== What you need to do ==
Exercise in exact copying. Transcribe every entry that follows, word for word.

------

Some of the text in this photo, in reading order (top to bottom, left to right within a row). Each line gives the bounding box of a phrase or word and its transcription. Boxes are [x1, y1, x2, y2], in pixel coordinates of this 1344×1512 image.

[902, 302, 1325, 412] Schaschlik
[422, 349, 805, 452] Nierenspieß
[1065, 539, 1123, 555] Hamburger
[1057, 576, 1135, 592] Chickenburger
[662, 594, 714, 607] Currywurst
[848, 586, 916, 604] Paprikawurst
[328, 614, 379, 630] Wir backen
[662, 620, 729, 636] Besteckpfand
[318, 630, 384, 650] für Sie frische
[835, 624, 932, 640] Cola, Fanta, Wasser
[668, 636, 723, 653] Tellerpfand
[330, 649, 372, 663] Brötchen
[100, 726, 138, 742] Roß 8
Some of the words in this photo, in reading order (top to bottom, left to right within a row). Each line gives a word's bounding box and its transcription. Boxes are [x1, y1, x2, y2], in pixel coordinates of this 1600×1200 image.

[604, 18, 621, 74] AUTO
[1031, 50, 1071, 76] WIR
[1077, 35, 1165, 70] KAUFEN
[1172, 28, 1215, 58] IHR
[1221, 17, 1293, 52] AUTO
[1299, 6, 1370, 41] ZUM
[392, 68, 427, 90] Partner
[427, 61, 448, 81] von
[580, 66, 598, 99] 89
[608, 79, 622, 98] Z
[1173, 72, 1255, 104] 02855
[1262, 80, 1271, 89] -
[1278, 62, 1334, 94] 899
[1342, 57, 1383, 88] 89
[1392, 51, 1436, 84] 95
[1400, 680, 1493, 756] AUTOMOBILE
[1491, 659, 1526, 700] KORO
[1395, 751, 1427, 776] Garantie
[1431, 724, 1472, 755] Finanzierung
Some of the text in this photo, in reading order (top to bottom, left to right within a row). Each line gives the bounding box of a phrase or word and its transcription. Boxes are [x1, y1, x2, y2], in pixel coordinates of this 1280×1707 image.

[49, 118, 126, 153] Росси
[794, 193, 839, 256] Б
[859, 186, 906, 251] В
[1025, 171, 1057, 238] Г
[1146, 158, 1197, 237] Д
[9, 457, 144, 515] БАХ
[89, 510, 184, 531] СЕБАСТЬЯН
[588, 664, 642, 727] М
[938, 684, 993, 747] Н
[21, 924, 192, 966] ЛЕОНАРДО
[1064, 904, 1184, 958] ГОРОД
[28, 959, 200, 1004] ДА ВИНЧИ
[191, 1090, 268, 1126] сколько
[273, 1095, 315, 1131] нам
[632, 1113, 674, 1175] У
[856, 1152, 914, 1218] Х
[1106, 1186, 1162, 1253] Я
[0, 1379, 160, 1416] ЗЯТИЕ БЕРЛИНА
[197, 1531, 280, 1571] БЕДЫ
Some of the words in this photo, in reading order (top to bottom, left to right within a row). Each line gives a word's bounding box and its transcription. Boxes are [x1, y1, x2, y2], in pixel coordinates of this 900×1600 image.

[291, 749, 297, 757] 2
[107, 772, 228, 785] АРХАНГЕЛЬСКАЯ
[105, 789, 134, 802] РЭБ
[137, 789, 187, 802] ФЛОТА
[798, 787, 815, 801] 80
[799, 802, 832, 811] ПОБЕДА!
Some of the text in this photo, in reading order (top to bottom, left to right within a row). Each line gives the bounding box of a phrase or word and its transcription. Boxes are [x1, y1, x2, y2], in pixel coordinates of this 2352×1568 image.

------

== Answer to this task ==
Some of the text in this photo, in reading order (top to bottom, left to right within a row). Each line gives the bounding box of a phrase or word and its transcription. Boxes are [x1, y1, x2, y2], in pixel coordinates of this 1344×1512 image.

[902, 302, 1325, 412] Schaschlik
[422, 349, 805, 452] Nierenspieß
[1065, 539, 1123, 555] Hamburger
[1057, 576, 1135, 592] Chickenburger
[662, 594, 714, 607] Currywurst
[848, 586, 916, 604] Paprikawurst
[328, 614, 379, 630] Wir backen
[662, 620, 729, 636] Besteckpfand
[318, 630, 384, 650] für Sie frische
[835, 624, 932, 640] Cola, Fanta, Wasser
[668, 636, 723, 653] Tellerpfand
[330, 649, 372, 663] Brötchen
[100, 726, 138, 742] Roß 8
Some of the words in this photo, in reading order (top to bottom, left to right within a row). Each line gives a word's bounding box and its transcription. Boxes are [x1, y1, x2, y2], in pixel coordinates of this 1600×1200 image.

[604, 18, 621, 74] AUTO
[1031, 50, 1071, 76] WIR
[1077, 35, 1165, 70] KAUFEN
[1172, 28, 1215, 58] IHR
[1221, 17, 1293, 52] AUTO
[1299, 6, 1370, 41] ZUM
[392, 68, 427, 90] Partner
[427, 61, 448, 81] von
[580, 66, 598, 99] 89
[608, 79, 622, 98] Z
[1173, 72, 1255, 104] 02855
[1262, 80, 1271, 89] -
[1278, 62, 1334, 94] 899
[1342, 57, 1383, 88] 89
[1392, 51, 1436, 84] 95
[1400, 680, 1493, 756] AUTOMOBILE
[1491, 659, 1526, 700] KORO
[1395, 751, 1427, 776] Garantie
[1431, 724, 1472, 755] Finanzierung
Some of the text in this photo, in reading order (top to bottom, left to right within a row). Each line gives the bounding box of a phrase or word and its transcription. Boxes are [x1, y1, x2, y2], in pixel coordinates of this 1280×1707 image.

[49, 118, 126, 153] Росси
[794, 193, 839, 256] Б
[859, 186, 906, 251] В
[1025, 171, 1057, 238] Г
[1146, 158, 1197, 237] Д
[9, 457, 144, 515] БАХ
[89, 510, 184, 531] СЕБАСТЬЯН
[588, 664, 642, 727] М
[938, 684, 993, 747] Н
[21, 924, 192, 966] ЛЕОНАРДО
[1064, 904, 1184, 958] ГОРОД
[28, 959, 200, 1004] ДА ВИНЧИ
[191, 1090, 268, 1126] сколько
[273, 1095, 315, 1131] нам
[632, 1113, 674, 1175] У
[856, 1152, 914, 1218] Х
[1106, 1186, 1162, 1253] Я
[0, 1379, 160, 1416] ЗЯТИЕ БЕРЛИНА
[197, 1531, 280, 1571] БЕДЫ
Some of the words in this photo, in reading order (top to bottom, left to right within a row). Each line gives a word's bounding box and its transcription. Boxes are [x1, y1, x2, y2], in pixel coordinates of this 900×1600 image.

[291, 749, 297, 757] 2
[107, 772, 228, 785] АРХАНГЕЛЬСКАЯ
[105, 789, 134, 802] РЭБ
[137, 789, 187, 802] ФЛОТА
[798, 787, 815, 801] 80
[799, 802, 832, 811] ПОБЕДА!
Some of the text in this photo, in reading order (top to bottom, left to right within a row). Each line gives the bounding box of a phrase or word and its transcription. Boxes are [x1, y1, x2, y2], in pixel coordinates of this 2352×1568 image.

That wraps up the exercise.